Recent incidents in the North Sea and Baltic have demonstrated the urgency for AI-enhanced surveillance and risk profiling to detect covert threats before they escalate. To secure its critical infrastructure, the EU would be wise to invest in AI-powered maritime threat detection and real-time behavioral risk monitoring, ensuring it can counter emerging maritime threats before they cause widespread disruption.

As technology advances and subsea infrastructure evolves, so too will the tactics and vulnerabilities exploited for intentional disruption. The rapid pace of technological integration within an industry often outstrips that of the public sector, creating security gaps that adversaries can exploit before mitigation strategies are fully established. 

This disparity presents a critical national security risk, as emerging threats may materialize before effective countermeasures are in place.

The EU faces significant challenges in enforcing maritime security in the Baltic Sea, particularly due to the complex ownership structure of undersea cables and unclear protection responsibilities. While these cables are critical to national security, they are primarily owned and operated by private companies, meaning national navies and governments have limited jurisdiction to proactively defend them. 

Responsibility for protection falls across multiple organizations, including private operators, telecom regulators, law enforcement, navies, and coast guards, creating overlapping and fragmented accountability.
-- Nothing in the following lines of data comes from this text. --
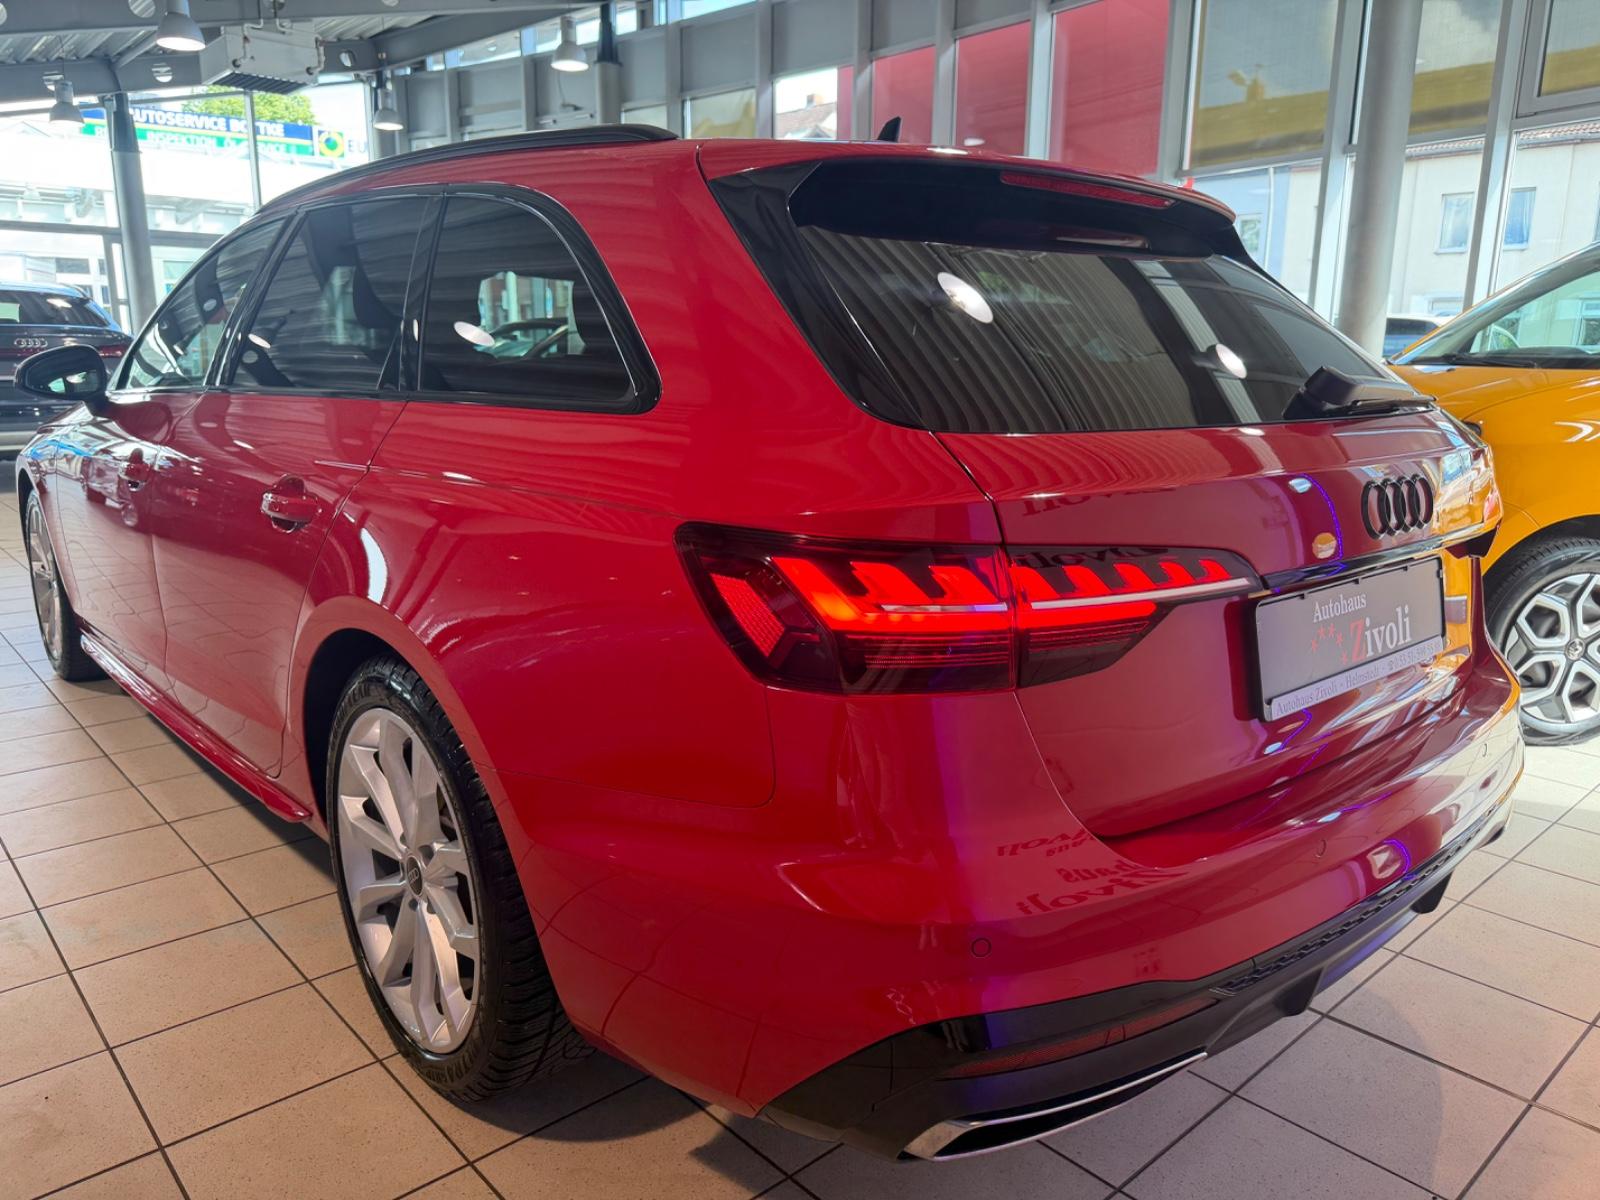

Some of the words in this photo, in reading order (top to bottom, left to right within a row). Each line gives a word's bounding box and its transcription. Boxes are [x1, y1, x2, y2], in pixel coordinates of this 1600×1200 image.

[1313, 593, 1367, 623] Autohaus
[1349, 604, 1412, 663] Zivoli
[1276, 693, 1313, 717] Autohaus
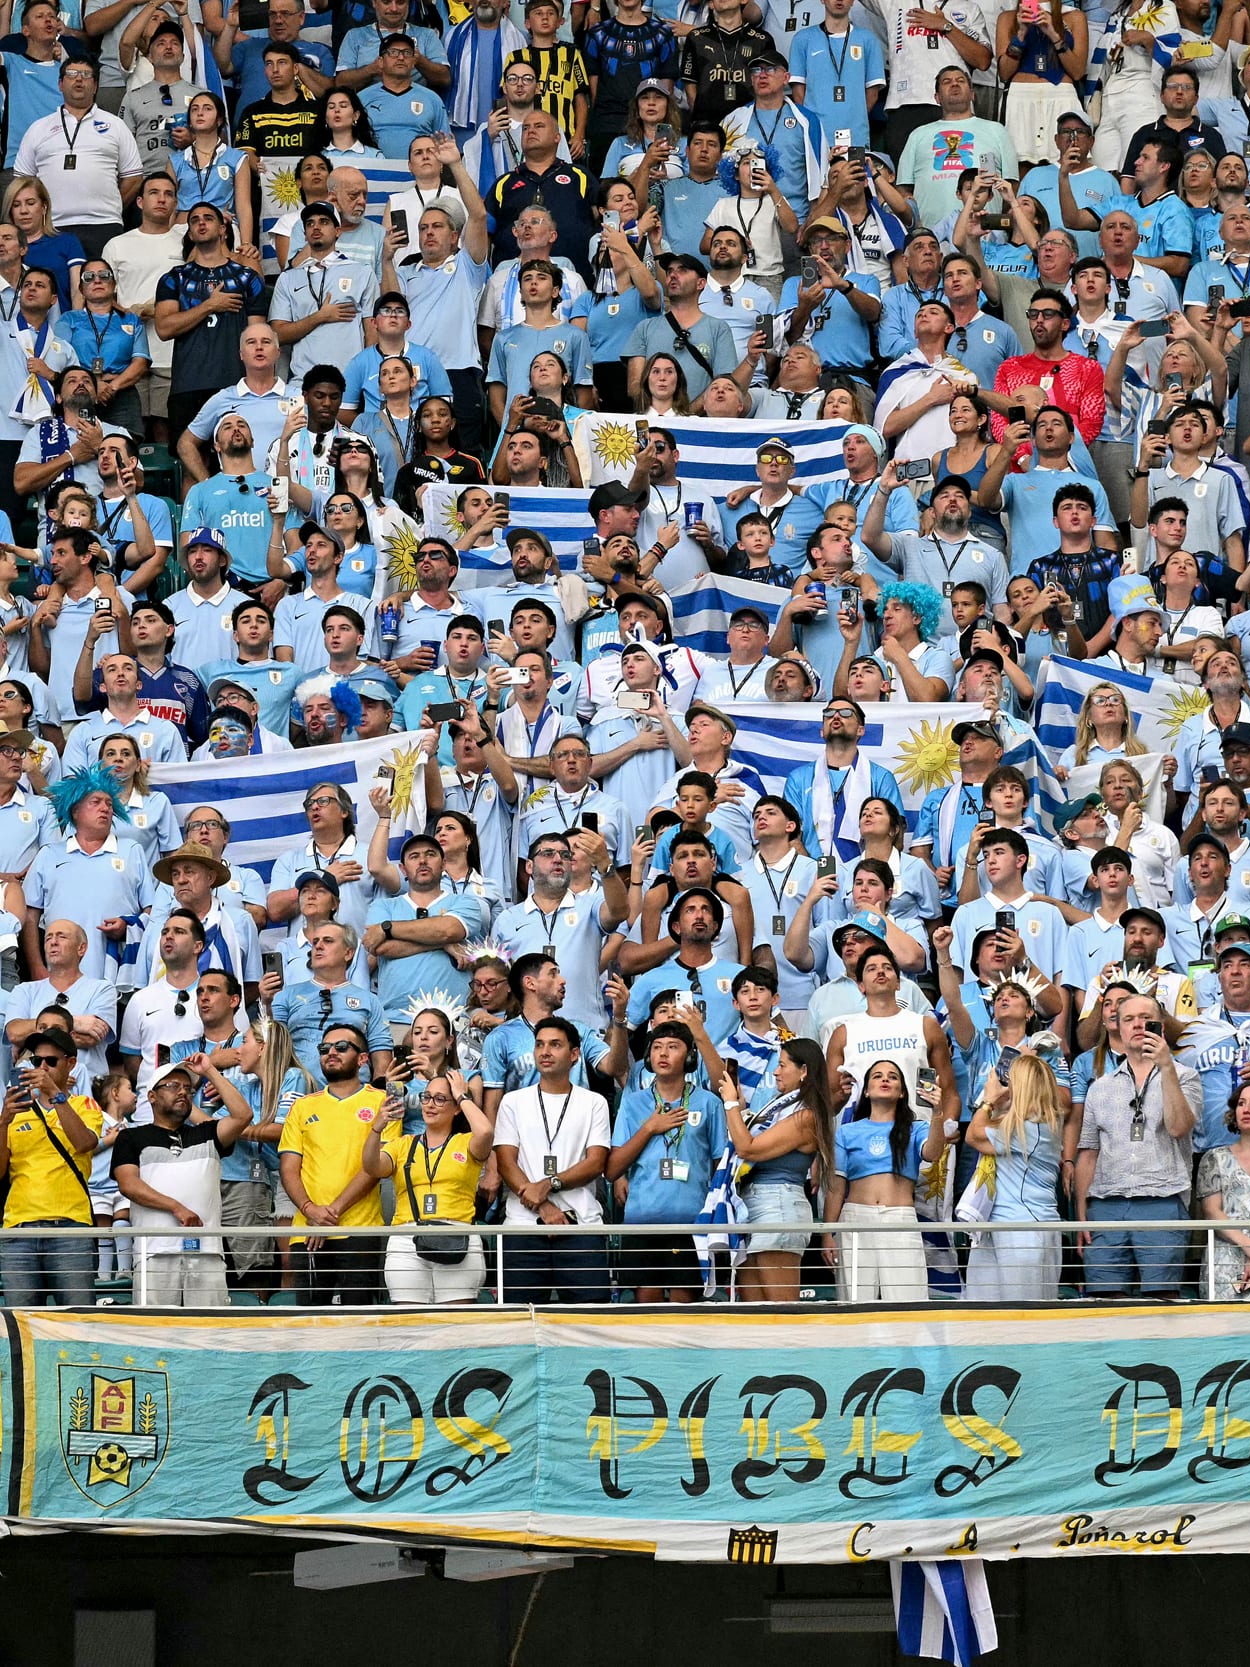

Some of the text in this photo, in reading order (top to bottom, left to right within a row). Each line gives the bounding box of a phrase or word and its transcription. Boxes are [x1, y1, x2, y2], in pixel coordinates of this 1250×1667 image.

[709, 64, 746, 83] antel
[265, 130, 303, 148] antel
[221, 510, 265, 529] antel
[318, 1011, 330, 1031] 7
[857, 1038, 918, 1054] URUGUAY
[101, 1385, 127, 1430] AUF
[241, 1367, 515, 1507] LOS
[582, 1360, 1024, 1502] PIBES
[1056, 1514, 1196, 1551] Peñarol
This lack of a unified strategy weakens the EU’s ability to deter and respond to threats effectively. 

Additionally, the recent push for new security frameworks and initiatives, while well-intentioned, overcomplicates enforcement by introducing further bureaucratic layers. This disjointed approach ultimately benefits aggressors like Russia, who exploit these gaps to conduct mapping, loitering, and potential sabotage operations with minimal resistance.

To ensure resilience, the EU should maintain real-time situational awareness of evolving threats, enabling a rapid and proactive response to prevent major outages and infrastructure compromise. The growing reliance on subsea cables increases the risk of economic disruption and national security breaches, making it imperative for enhancing detection and response capabilities.

By adopting AI-driven maritime security solutions, the EU can effectively identify and assess emerging threats in real time, addressing unknown vulnerabilities before they escalate. This proactive risk management approach ensures that critical infrastructure remains protected without overextending operational fleets. Integrating AI-based threat detection will not only enhance security but also enable a sustainable, cost-effective defense strategy.

Effective maritime security requires the ability to share intelligence with non-government organizations, including private infrastructure operators, shipping companies, and cybersecurity firms. Restricting critical threat data to government agencies creates blind spots, whereas secure, real-time intelligence sharing ensures all stakeholders can proactively defend against emerging risks. 

Effective maritime security and subsea infrastructure protection require a robust intelligence-sharing framework that extends beyond government agencies to include private infrastructure operators, shipping companies, cybersecurity firms, and other key stakeholders. 

Restricting critical threat intelligence to classified government channels creates operational blind spots, leaving private sector entities vulnerable to emerging risks. Given that undersea cables, offshore energy assets, and shipping networks are largely owned and operated by private companies, these organizations must have timely access to actionable intelligence on potential threats, such as state-sponsored vessel movements, cyber intrusions, and sabotage attempts. 

Establishing secure, controlled information-sharing channels – while maintaining classified protections where necessary – will allow for better coordination, faster response times, and stronger collective defense against evolving maritime security challenges. 

Without such integration, adversaries will continue to exploit security gaps between public and private sector responsibilities, further increasing the risk to national security and economic stability.